A microphysiological system with a synthetic hemoglobin, Blood Substitute, for mechanistic assessment of drug-induced liver injury - Drug induced liver injury (DILI) is a concern for patients, clinicians, the FDA, and the pharmaceutical industry
as the leading cause of clinical drug attrition and post-marketing drug withdrawals. According to the FDA, DILI
has been the most frequent cause of safety-related drug withdrawals for the past 50 years. As a potential
solution to the problem, the IQ-MPS Affiliate to the International Consortium for Innovation and Quality in
Pharmaceutical Development highlighted the need to qualify human liver microphysiological systems (MPS) for
DILI context of use (CoU) with a set of pragmatic engineering and quality requirements for the MPS
implementation into standard operating procedures. During an ongoing NCATS SBIR, Lena Biosciences (LB)
developed and commercialized an SLAS-standardized, Perfused Organ Panel MPS that meets these
prerequisites. The ultimate goal of this SBIR is to qualify the MPS with a revolutionary synthetic hemoglobin,
Blood Substitute, for DILI CoU using the guidance of the FDA CDER and the IQ-MPS Affiliate.
Our recent publication (Front. Mol. Biosci. 2020) shows that the MPS restores cellular oxidative metabolism in
diverse, perfused, 3D liver models, significantly increasing cell respiration by mitochondrial electron transport
chain, CYP450 oxidation required for metabolism of drugs, and OXPHOS ATP production required for holistic
cell function, and all cell processes from active transport of molecules across the cell membrane to organelle
function.

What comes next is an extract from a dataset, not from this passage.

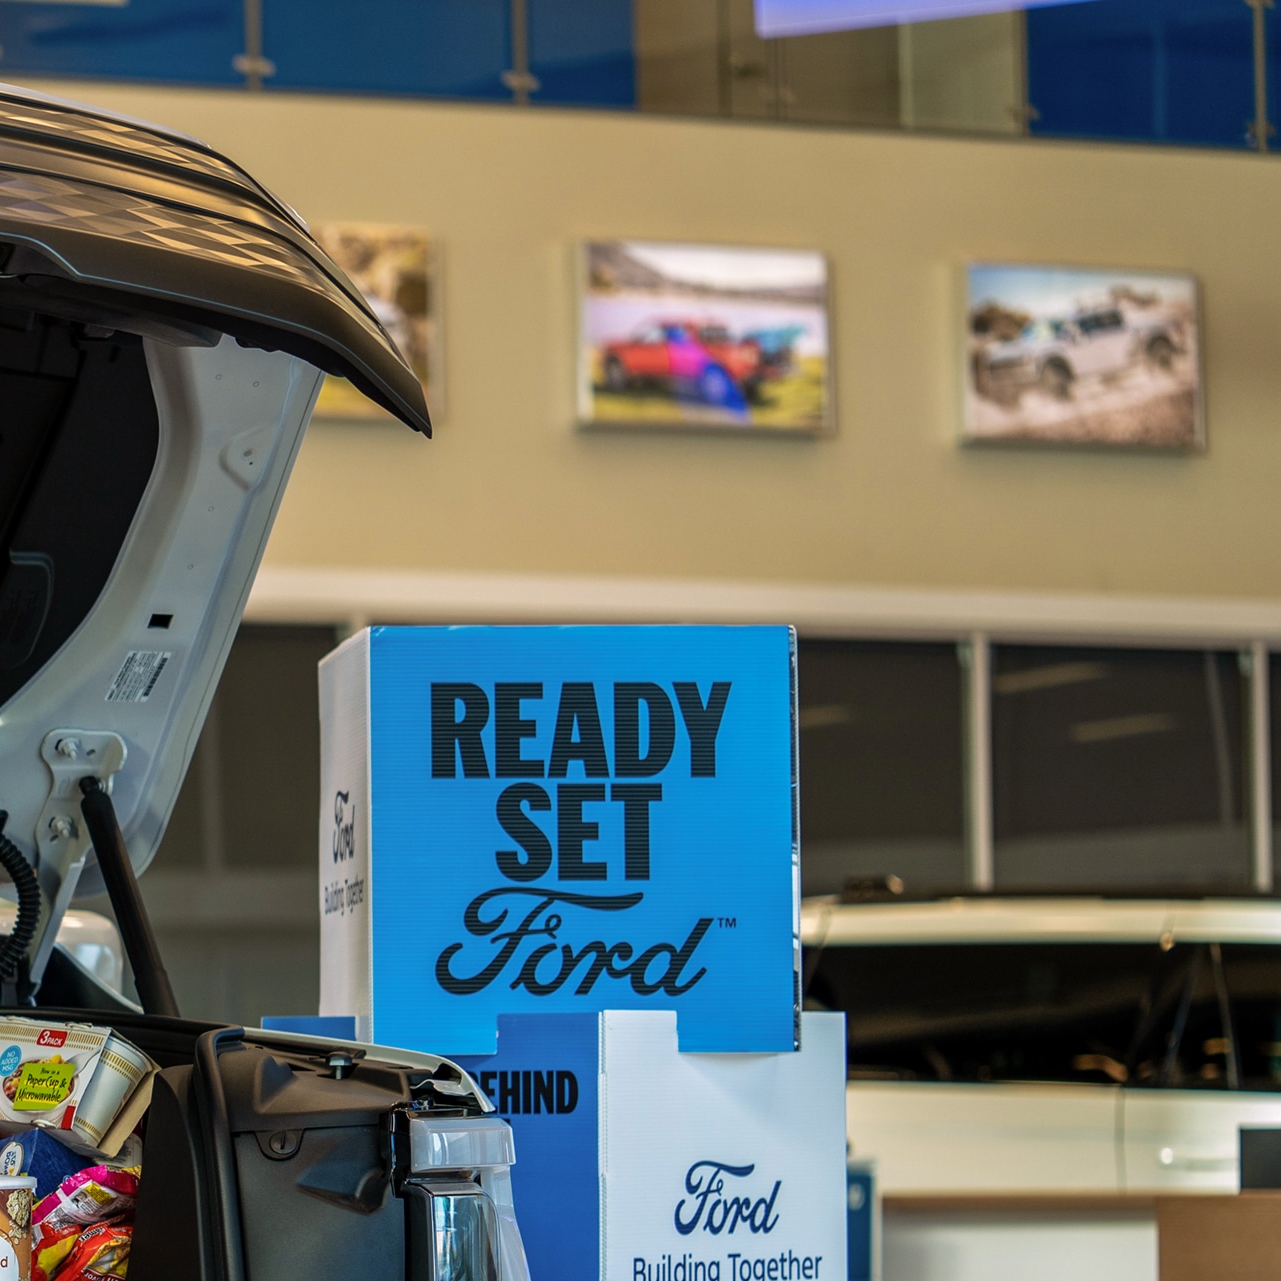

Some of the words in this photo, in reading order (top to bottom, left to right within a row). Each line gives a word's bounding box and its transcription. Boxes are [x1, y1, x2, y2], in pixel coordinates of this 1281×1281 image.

An OXPHOS-competent model of cellular redox homeostasis will provide in vivo-like cell sensitivity to
drugs and their reactive metabolites and free radicals, and drug-induced oxidative and nitrosative stress that
leads to the loss of cellular antioxidant defense for comprehensive characterization of DILI threats, positioning
the MPS to adequately meet biological qualification prerequisites for DILI CoU.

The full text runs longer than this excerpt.